L’art. 338 c.p. punisce con la pena della reclusione da uno a sette anni «chiunque usa violenza o minaccia ad un corpo politico, amministrativo o giudiziario o ad una rappresentanza di esso, o ad una qualsiasi pubblica Autorità costituita in collegio, per impedirne, in tutto o in parte, anche temporaneamente, o per turbarne comunque l’attività».
Il secondo comma stabilisce poi che soggiace alla medesima pena chi «commette il fatto per influire sulle deliberazioni collegiali di imprese che esercitano servizi pubblici o di pubblica necessità, qualora tali deliberazioni abbiano per oggetto l’organizzazione o l’esecuzione dei servizi».
Trattasi questa di disposizione che, nella sua attuale fisionomia, trova il suo antecedente nell’art. 188 del codice Zanardelli (come segnalano Manzini, V., Trattato di diritto penale italiano, V, Torino, 1982, 490, nonché, più di recente, Pasella, R., Violenza e resistenza a pubblico ufficiale, in Dig. pen., XV, Torino, 1999, 250) che puniva infatti «chiunque usa violenza o minaccia per impedire o turbare le adunanze o l’esercizio delle funzioni di corpi giudiziarii, politici o amministrativi, o delle loro rappresentanze, o di altreAutorità, di ufficii o istituti pubblici, ovvero per influire sulle loro deliberazioni».
Non si tratta di una norma innovativa, riprendendo essa il disvalore dell’ipotesi generale di cui agli artt. 336 e 337 c.p., salvo apprestare una tutela rafforzata a determinati organi della p.a. per l’indubbio maggior rilievo ad essi riferibile, non tanto per il ruolo rivestito, quanto in relazione ai poteri esercitati.
L’interesse tutelato dalla norma è, secondo il condivisibile e più diffuso orientamento, il normale funzionamento della p.a. ed, in particolare, la libertà di azione e di determinazione dei suoi organi contro ogni forma di coartazione (Romano, M., I delitti contro la pubblica amministrazione.
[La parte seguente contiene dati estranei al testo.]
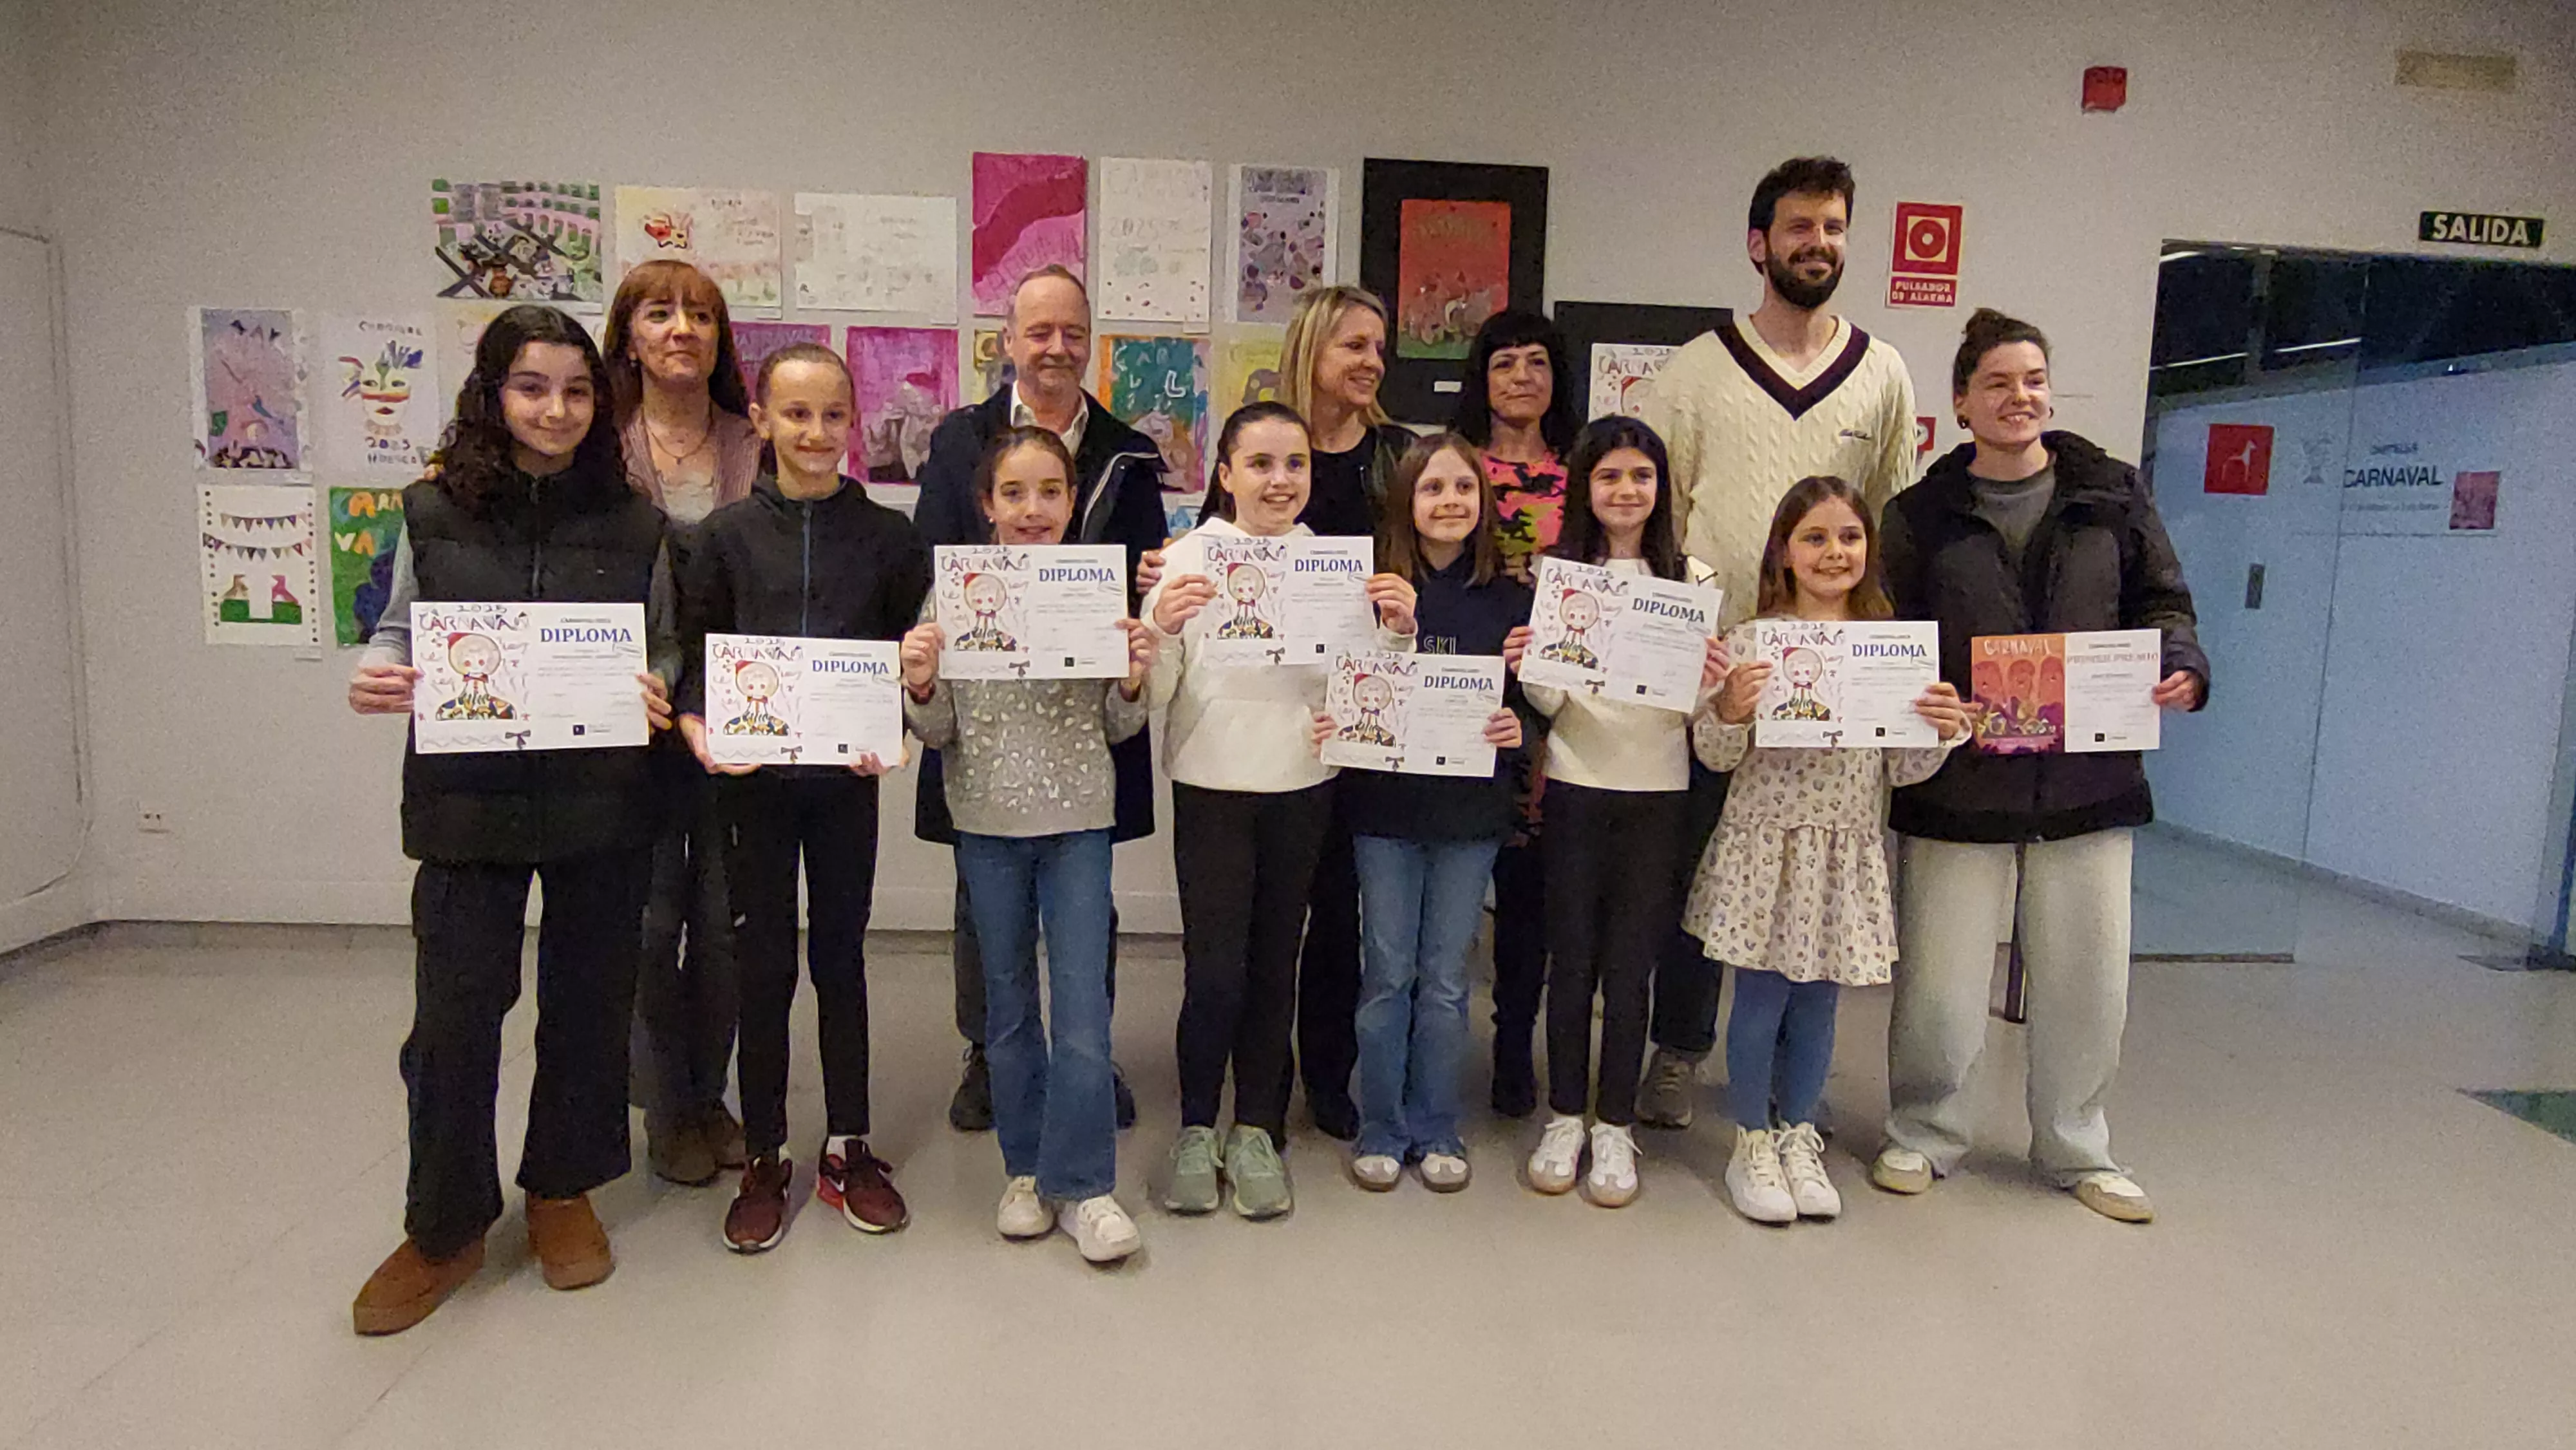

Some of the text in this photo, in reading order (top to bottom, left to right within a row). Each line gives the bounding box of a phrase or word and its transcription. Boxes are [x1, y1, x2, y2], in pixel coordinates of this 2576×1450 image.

I delitti dei privati, in Commentario sistematico, II ed., Milano, 2002, 42; Fiandaca, G.-Musco, E., Diritto penale, pt. spec., I, Bologna, 2002, 287; Sforzi, M., Violenza, minaccia o resistenza all’autorità, in Enc. dir., XLVI, Milano, 1993, 927;Seminara, S., sub 338, inComm. breve cod. pen. Crespi-Forti-Zuccalà, Padova, 2003, 982; Bondi, A., I delitti di violenza, minaccia, resistenza a un agente politico, in Bondi, A.-Di Martino, A.-Fornasari, G., Reati contro la Pubblica Amministrazione, Torino, 2004, 319; Pasella, R., sub art. 338 c.p., in Dolcini, E.-Marinucci, G., a cura di, Codice penale commentato, Milano, 2011, 3492). In tale prospettiva, la norma tutela non il singolo pubblico agente in quanto tale, personalmente considerato, ma l’organo visto nella sua astrazione.
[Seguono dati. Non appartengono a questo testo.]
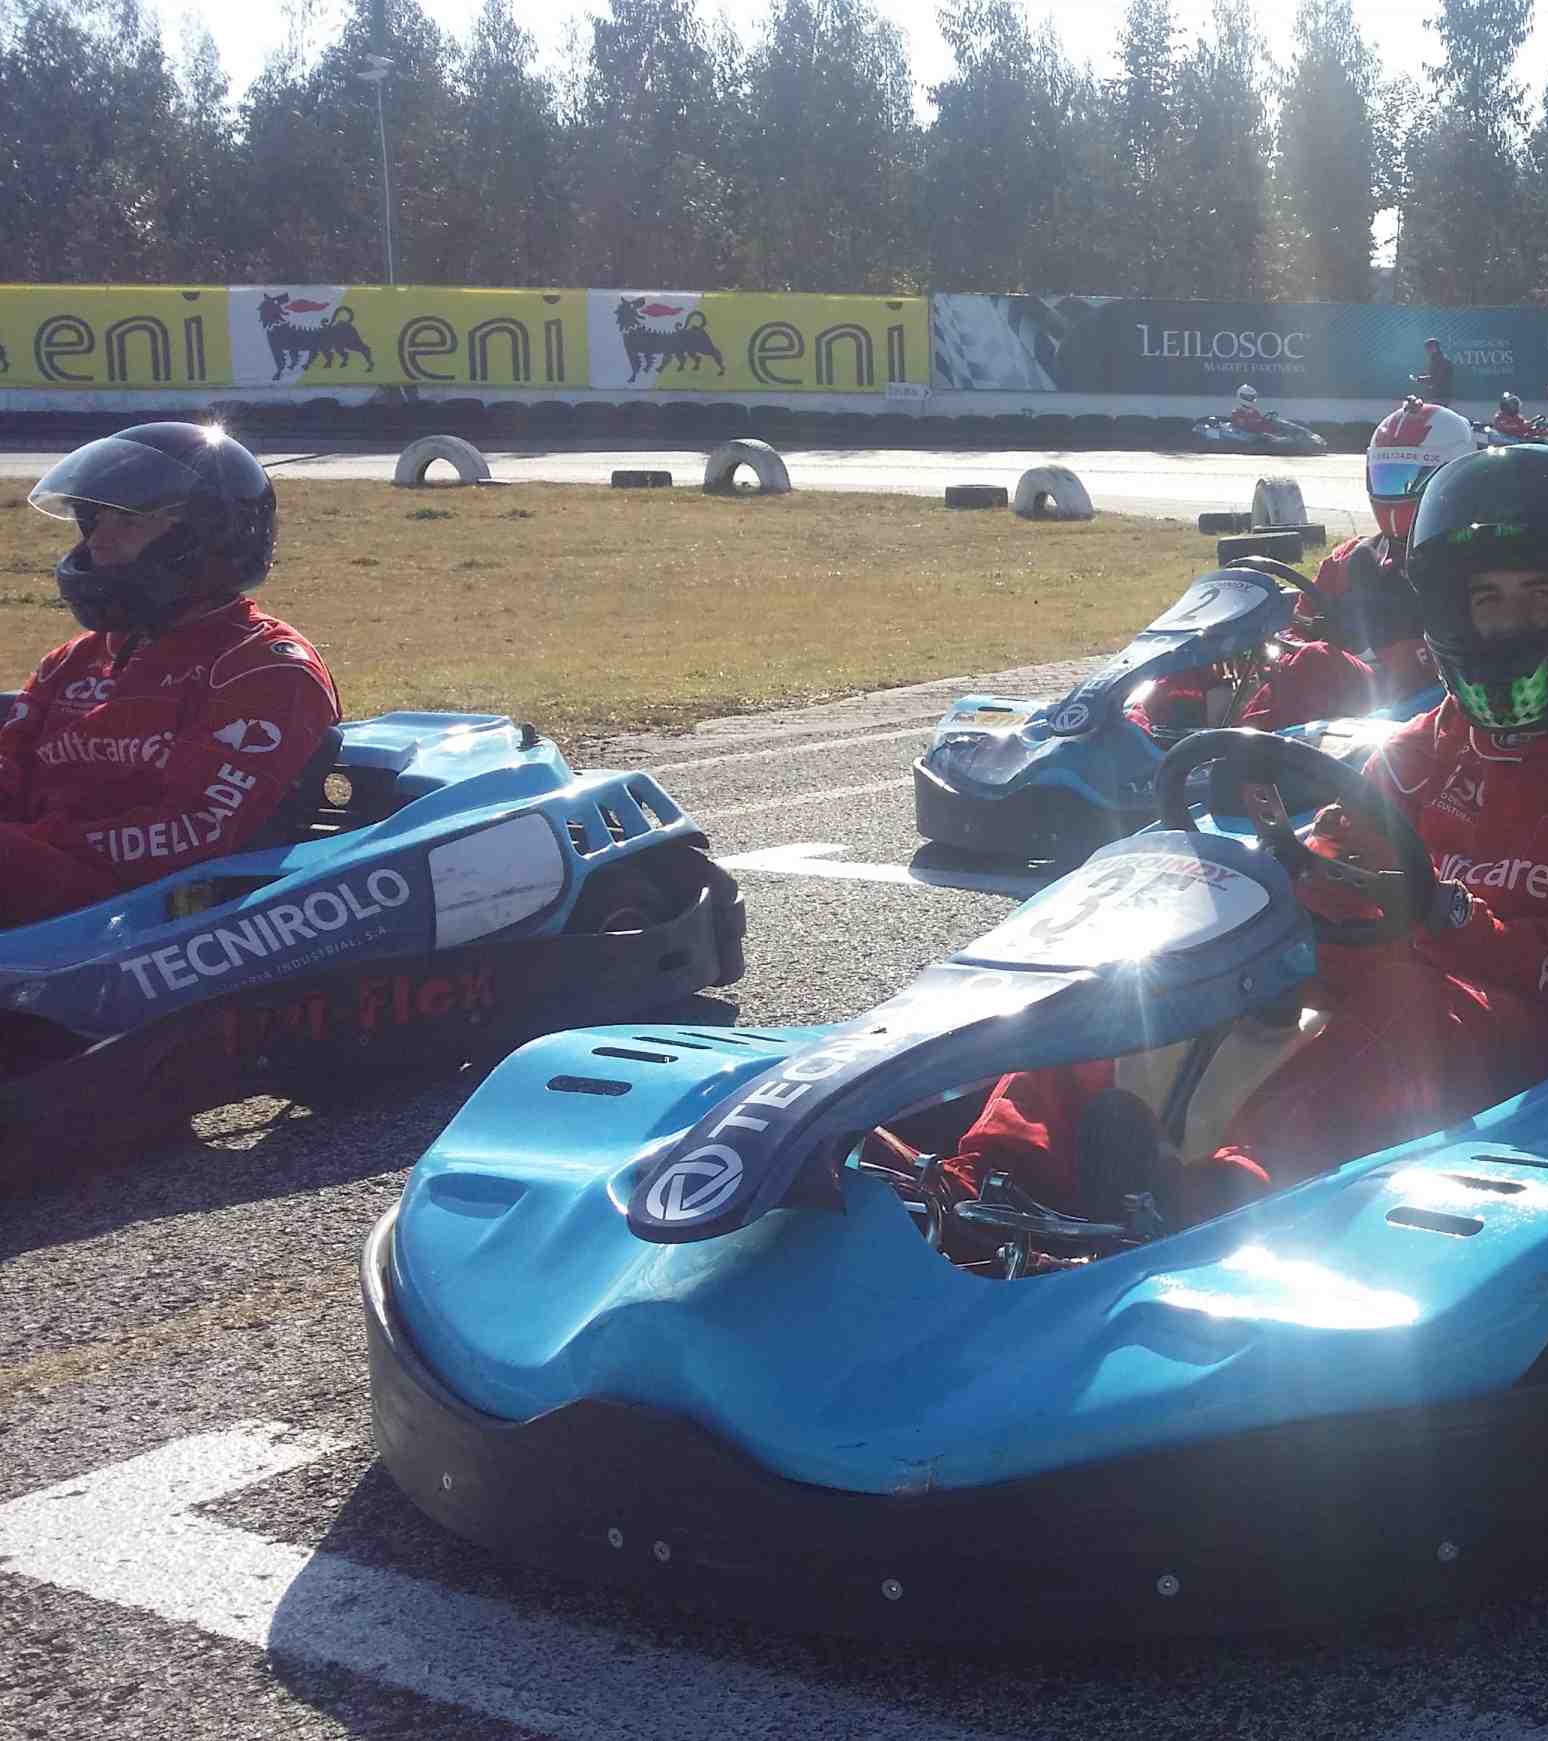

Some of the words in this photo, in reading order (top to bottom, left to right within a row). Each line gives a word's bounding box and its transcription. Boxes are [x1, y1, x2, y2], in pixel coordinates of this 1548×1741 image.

[34, 292, 206, 381] eni
[399, 293, 564, 381] eni
[747, 301, 904, 387] eni
[1137, 323, 1305, 359] LEILOSOC
[1173, 587, 1220, 621] 2
[119, 868, 411, 1000] TECNIROLO
Trattasi di punto di vista che rilegge l’oggettività giuridica della fattispecie de qua in un’ottica costituzionale, incentrando la stessa proprio sulla regolarità dell’attività amministrativa e sulla necessità che quest’ultima non sia condizionata ab externo ed in modo indebito nella sua libertà di azione e di determinazione.
La valorizzazione di bene facente capo alla p.a., e che si rivela assorbente rispetto agli interessi privati facenti capo ai soggetti che esercitano la funzione, permette di cogliere l’autonomia del delitto rispetto alle ipotesi generali di cui agli artt. 336 e 337 c.p. e, al contempo, di giustificarne la collocazione nell’ambito del titolo relativo ai delitti contro la p.a. (Pasella, R., Violenza, cit., 250).
Deve invece dirsi ormai superata l’impostazione tradizionale che incentrava l’interesse, più che nel buon andamento della p.a., nel prestigio della stessa in senso lato (lo stesso Manzini, V., op. cit., 490, pur riconoscendo quale bene tutelato anche il prestigio della p.a., sottolinea come la norma garantisce particolarmente la sicurezza e la libertà di determinazione e di azione dei pubblici ufficiali impersonalmente considerati e delle imprese esercenti servizi pubblici o di pubblica necessità; analogamente v. Riccio, G., Violenza o minaccia e resistenza alla pubblica amministrazione, in Nss. D.I., XX, Torino, 1957, 980). Il concetto di prestigio si rivela oltremodo generico ed evanescente e, in quanto tale, incapace di concretizzare un interesse tutelato compatibile con i principi costituzionali e tale da giustificare, al vaglio del principio di ragionevolezza, l’autonomia dell’ipotesi in oggetto, rispetto ai reati comuni di violenza privata e di minaccia, ed il più rigoroso trattamento sanzionatorio (cfr., fra gli altri, Pasella, R., Violenza, cit., 251; Forte, G., Violenza o minaccia contro un organo della P.A., in Cadoppi, A.-Canestrari, S.-Manna, A.-Papa, M., a cura di, Trattato di diritto penale, pt. spec., II, I delitti contro la Pubblica Amministrazione, Torino, 2008, 600).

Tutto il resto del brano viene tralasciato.